Being in a position where I have suffered and continue to live with mental illness gives me a unique perspective. It’s not the road that everyone has to travel, but it is one that many people are living and traveling!
Some of the strongest people I have ever met in my life have struggled with some form of a mental illness in their life.
I just want to be out, loud, and proud of how far I have come, I want others to know that are suffering that they are absolutely not doing it alone.

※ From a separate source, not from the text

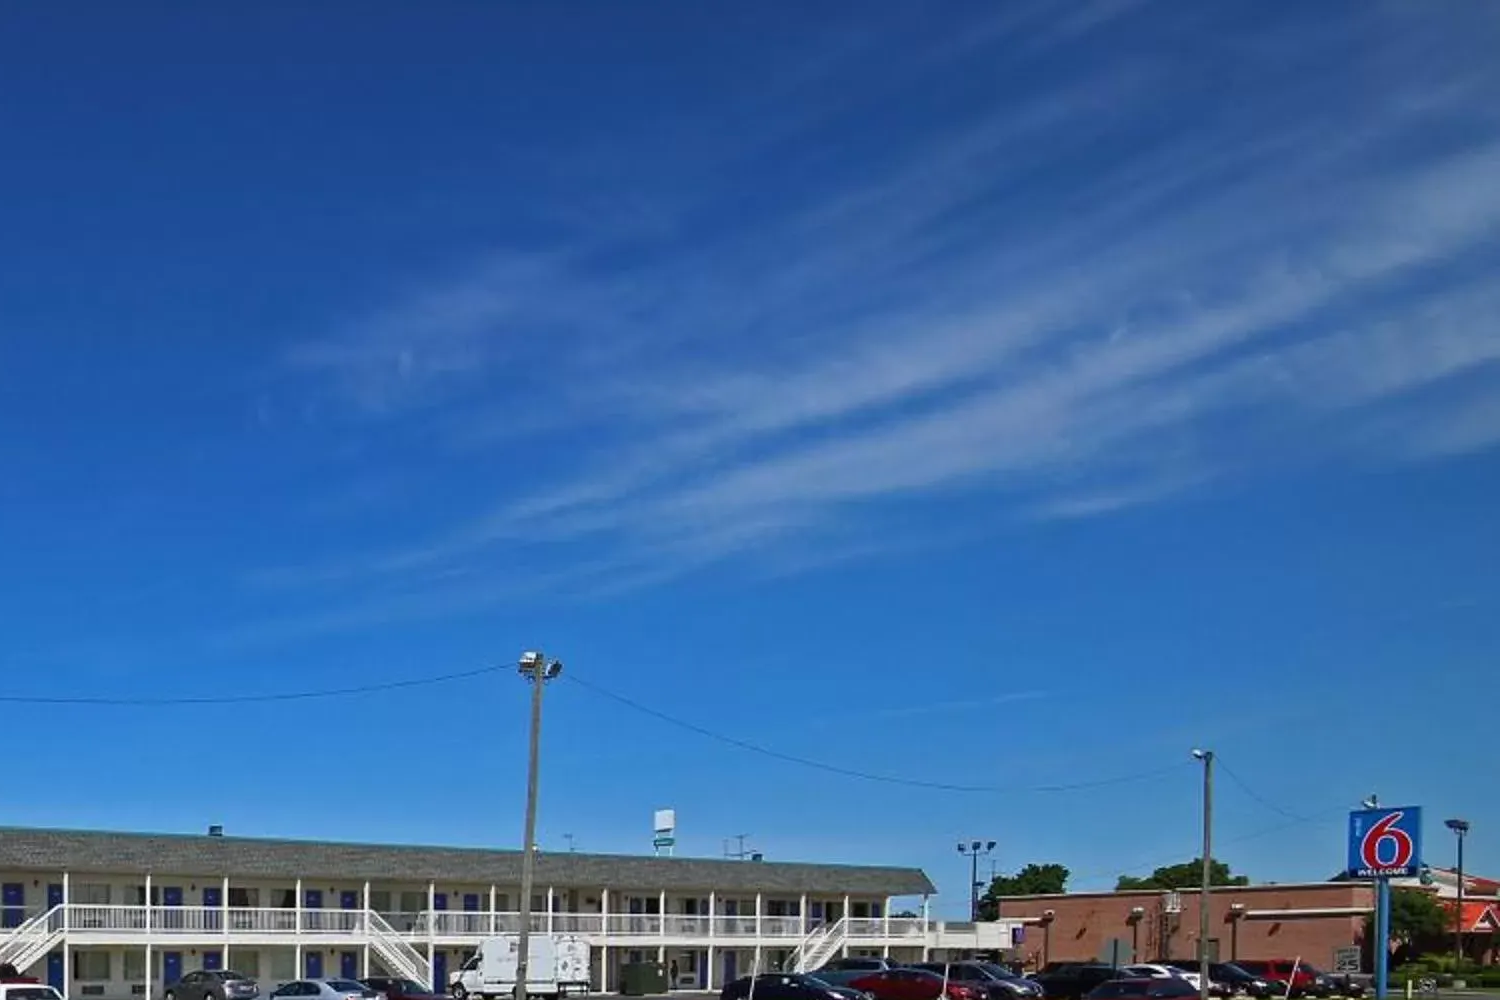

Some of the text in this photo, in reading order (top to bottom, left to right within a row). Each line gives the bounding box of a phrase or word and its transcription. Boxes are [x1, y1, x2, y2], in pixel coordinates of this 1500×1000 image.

[1360, 811, 1413, 869] 6
[1357, 867, 1409, 877] WELCOME
[1336, 959, 1359, 971] 25

Some of my truths regarding my mental illness:
I was diagnosed with depression in October of 2008. I went to the Dr and told him I was just not happy with my life, I was snapping at my husband and my daughter. I was angry or sad with no middle ground. I felt run down and like I was crawling in my own skin. I was put on Effexor and that helped me tremendously. I felt like my old self again, I was able to push forth.
In July of 2010 when my sister passed away, my world came crushing down. I started having my first panic attacks. I remember clearly one day driving down the road, a funeral procession was passing so I pulled over, and I was stuck. I couldn’t breathe, I couldn’t see clearly, my throat felt like it was closing, my chest hurt. I was drowning in my grief.
Shortly after I was diagnosed with Post Traumatic Stress Disorder (PTSD), social anxiety disorder, and severe depression.
There were days I couldn’t get out of bed. I would cry and cry until my eyes were so swollen it was hard to even open them to see. Panic attacks came fast and steady. I would walk into Walmart and immediately start shaking and sweating profusely. I couldn’t drive for fear I was going to be in an accident. I didn’t want to see anyone or be near anyone because I didn’t want to bring them down. I thought I was a burden, I wanted to run away and yes in February of 2011 I made a plan for suicide and wrote letters to Maddie and Trev to say goodbye. I was put in the hospital at that time for a week, and started with the roulette of medications. While in the hospital I was also diagnosed with Seasonal Affective Disorder, or SAD. Which I probably have had for most of my life.
Those days of my life were the hardest I have ever had to live. The pain was so immense and so big I couldn’t see around it. The light that was supposed to be at the end of the tunnel never seemed like it would get here. Trev would hold me while I sat on the edge of the bed and sobbed. He cooked, he cleaned, he took care of Maddie, and I did a whole lot of hiding from everything.
For 2 long years that was my life. Living in the depths of hell I was sure I wasn’t going to escape.
Slowly with the right combination of medications, I started to come out of it. I wanted to be around people again. I started to smile and laugh more. I went to therapy. I was able to be happy for the big and small things again. I could drive.
It was truly like being born again into the person I always wanted to be. I still have panic attacks, anxiety is a common thing in my daily life, I have horrible insomnia, and some days I do still get pretty low.
Now I am apart of this amazing Depression and Anxiety support group, that I get to be a part of and help grow. I feel truly blessed to be able to spread the word and help break the stigma that surrounds mental illness. I want to bring a face and voice to those that just don’t have it in them to stand up right now. Being involved in this group, and helping to expand it to help others has been such a blessing. Its absolutely my passion.
I don’t put these things out in the universe for people to feel sorry for me, you don’t need to, I am super blessed with an awesome husband, daughter, and 3 furry babies. I tell you this because if you are suffering, don’t do it silently, get any help you can get, reach out, kick and scream until the right people take notice.
Depression won’t always be a dirty word!